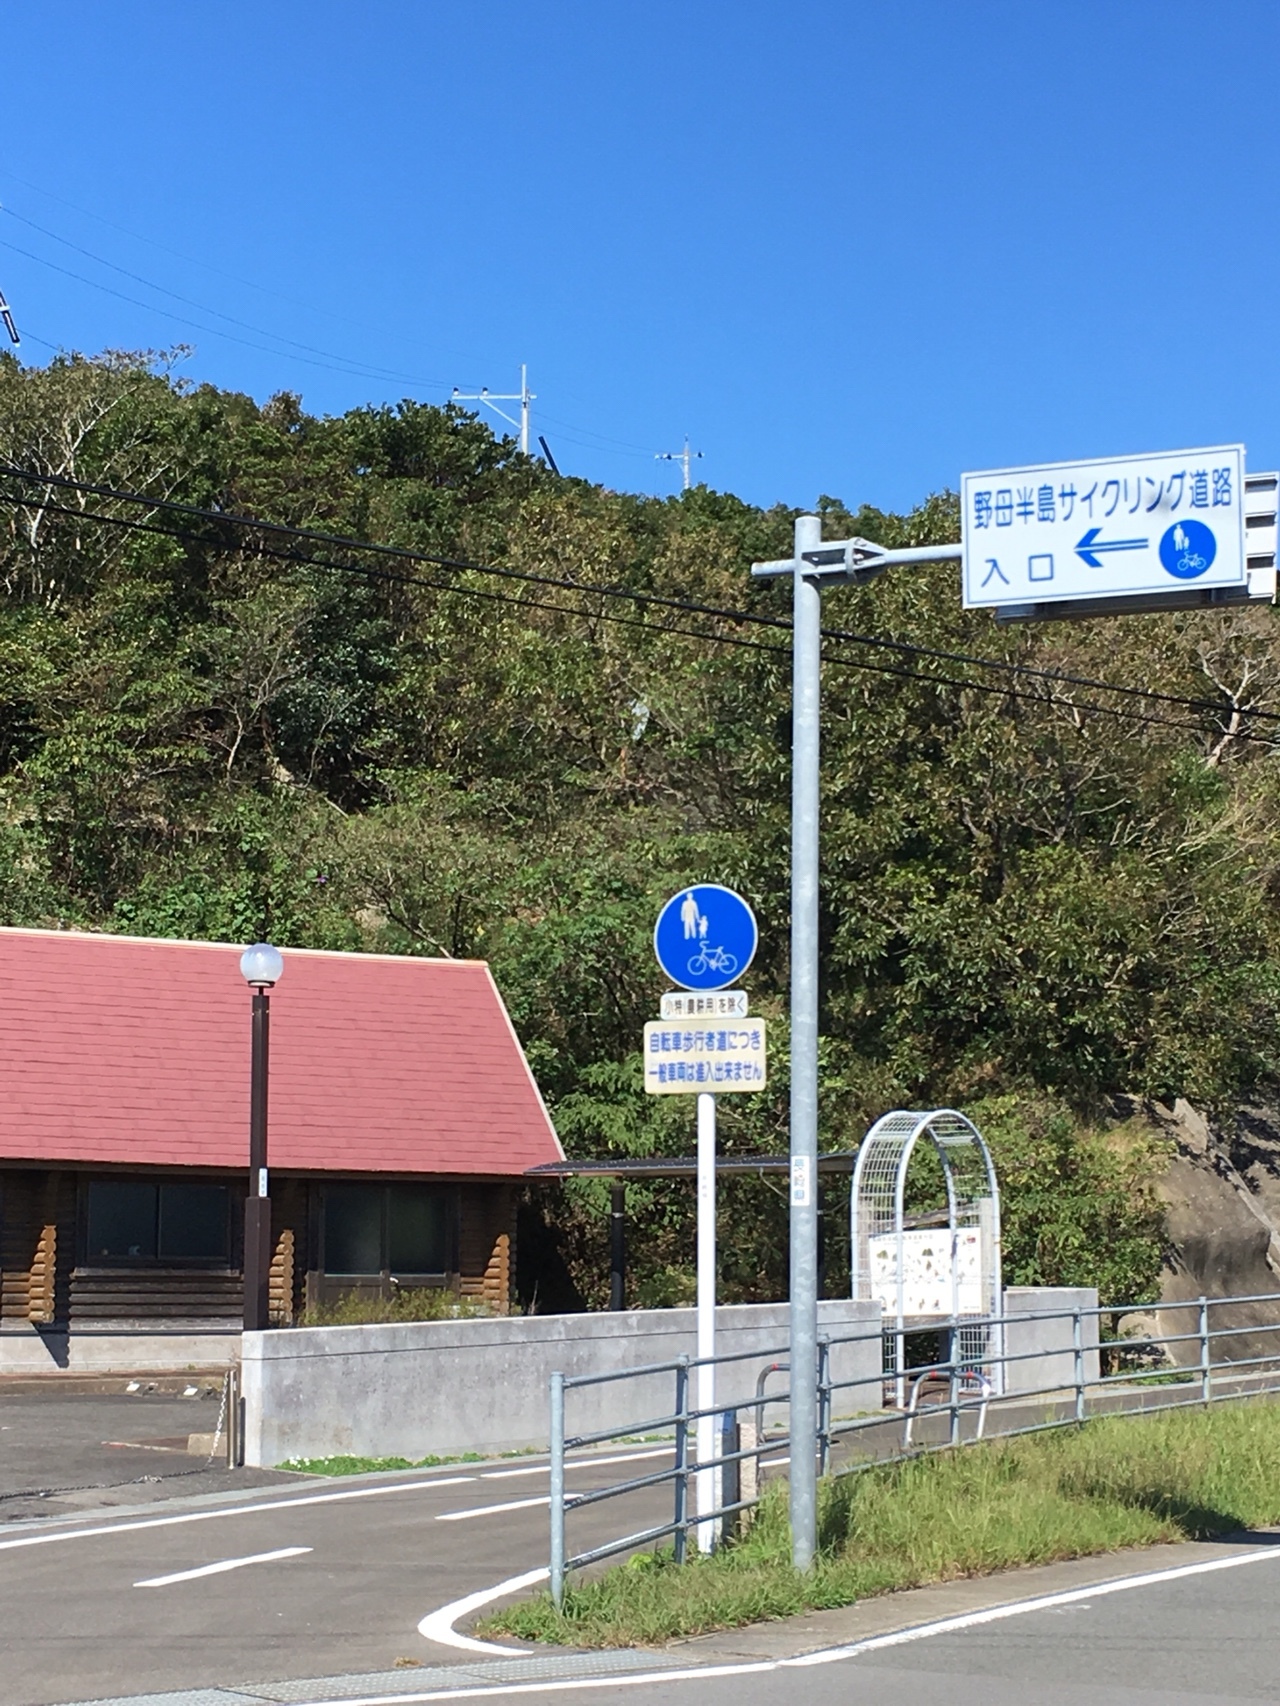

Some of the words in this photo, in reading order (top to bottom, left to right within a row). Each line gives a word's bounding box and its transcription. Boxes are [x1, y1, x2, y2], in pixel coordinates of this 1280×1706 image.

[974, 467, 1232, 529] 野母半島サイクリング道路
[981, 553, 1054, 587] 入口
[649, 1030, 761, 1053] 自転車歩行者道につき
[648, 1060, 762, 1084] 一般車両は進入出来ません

- _EXERCISE_
Output the data exactly. Leave every picture out.

- _EXERCISE OUTPUT_
Some of the words in this photo, in reading order (top to bottom, left to right within a row). Each line gives a word's bounding box and its transcription. Boxes are [x1, y1, x2, y2], in pixel coordinates of this 1280×1706 image.

[974, 467, 1232, 529] 野母半島サイクリング道路
[981, 553, 1054, 587] 入口
[649, 1030, 761, 1053] 自転車歩行者道につき
[648, 1060, 762, 1084] 一般車両は進入出来ません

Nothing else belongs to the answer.